I think e4 and d4 would be preferred quite early because the number of possible moves your pieces have is an easy metric and e4 and d4 open up the queen and bishop.

Quote:

It also teaches itself how to prune searches. It looks 20 moves ahead each move which means looking 1 move, 2 moves etc. ahead first. It knows that sometimes "This move looks really ****ty if you look 3 moves ahead, but it's the best move looking 20 moves ahead". But it also knows *under what conditions such sacrifice type plays tend to occur*. So it teaches itself when to consider sacrifice a piece and when not to, and it's much better at recognising this (and pruning) that current engines.

None of this makes any sense. All A0 ever changes is its evaluation function. It has no capacity to change anything about the way it does its tree search. I read the paper and have a better understanding of this now:

Quote:

Instead of a handcrafted evaluation function and move ordering heuristics, AlphaZero utilises a deep neural network (p, v) = fθ(s) with parameters θ. This neural network takes the board position s as an input and outputs a vector of move probabilities p with components pa = P r(a|s) for each action a, and a scalar value v estimating the expected outcome z from position s, v ≈ E[z|s]. AlphaZero learns these move probabilities and value estimates entirely from selfplay; these are then used to guide its search.

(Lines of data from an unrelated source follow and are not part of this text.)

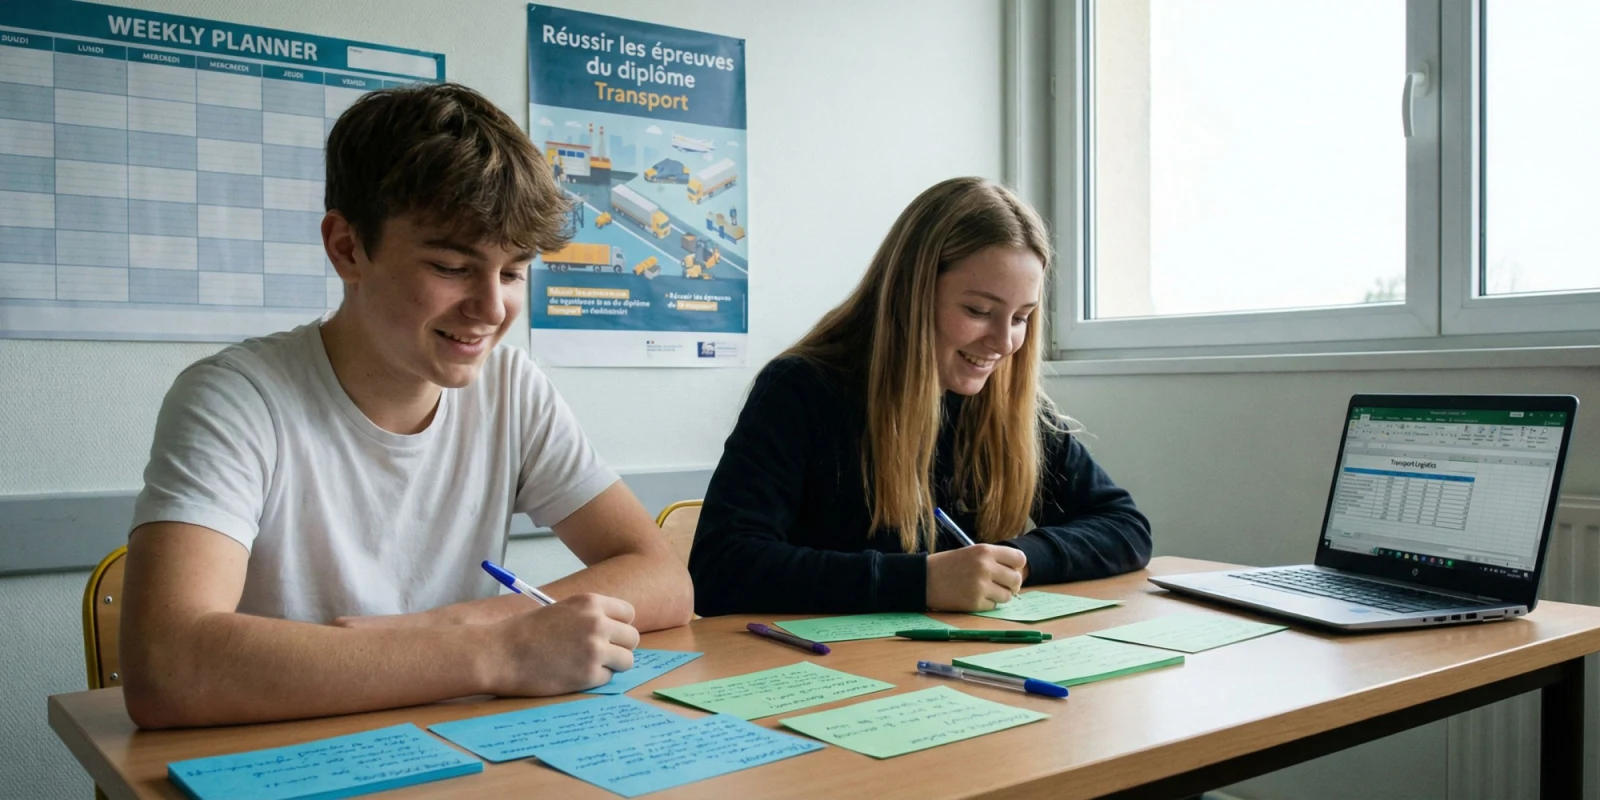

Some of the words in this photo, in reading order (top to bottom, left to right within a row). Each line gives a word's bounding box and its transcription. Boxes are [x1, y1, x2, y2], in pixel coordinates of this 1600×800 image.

[107, 15, 205, 45] WEEKLY
[212, 29, 318, 61] PLANNER
[542, 24, 614, 52] Réussir
[620, 36, 646, 58] les
[652, 41, 734, 71] épreuves
[283, 70, 304, 80] JEUDI
[587, 57, 612, 76] du
[618, 62, 695, 88] diplôme
[595, 82, 689, 111] Transport
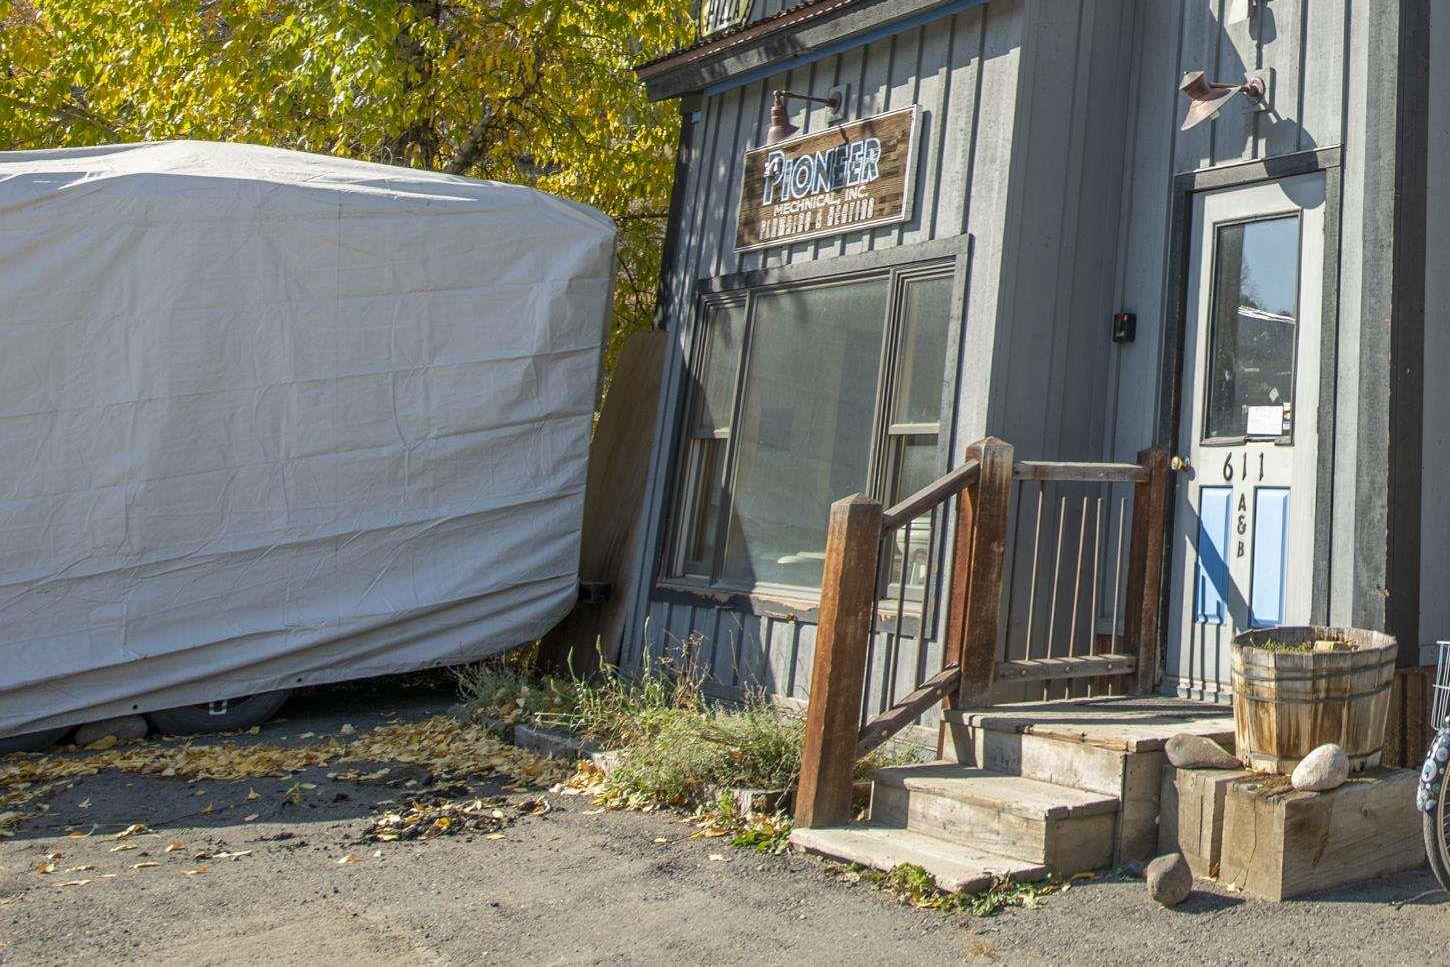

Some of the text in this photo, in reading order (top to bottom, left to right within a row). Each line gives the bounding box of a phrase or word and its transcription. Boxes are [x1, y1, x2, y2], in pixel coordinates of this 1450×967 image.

Instead of an alpha-beta search with domain-specific enhancements, AlphaZero uses a general purpose Monte-Carlo tree search (MCTS) algorithm. Each search consists of a series of simulated games of self-play that traverse a tree from root to leaf. Each simulation proceeds by selecting in each state s a move a with low visit count, high move probability and high value (averaged over the leaf states of simulations that selected a from s) according to the current neural network fθ. The search returns a vector π representing a probability distribution over moves, either proportionally or greedily with respect to the visit counts at the root state.

The following all concerns actual play, not learning:

Here's a super contrived example to try to explain this to the best of my understanding. Let's say you have a position A with only 2 legal moves, 1 and 2. AlphaZero's initial evaluation is some scalar value, let's say +0.5, and a vector of move probabilities for each move, say { 0.75, 0.25 }. But let's say that move 2 leads to a reasonably easily found forced mate. So initially, when it does Monte Carlo rollouts, it's selecting move 1 75% of the time and move 2 25% of the time, but it keeps track of visit counts as well. So if it randomly picks move 1 like 10 times in a row, that 25% chance of selection for move 2 will be modified to become more and more likely to be chosen. The exact details of the move selection algorithm aren't in the preprint, but will presumably be in the full paper.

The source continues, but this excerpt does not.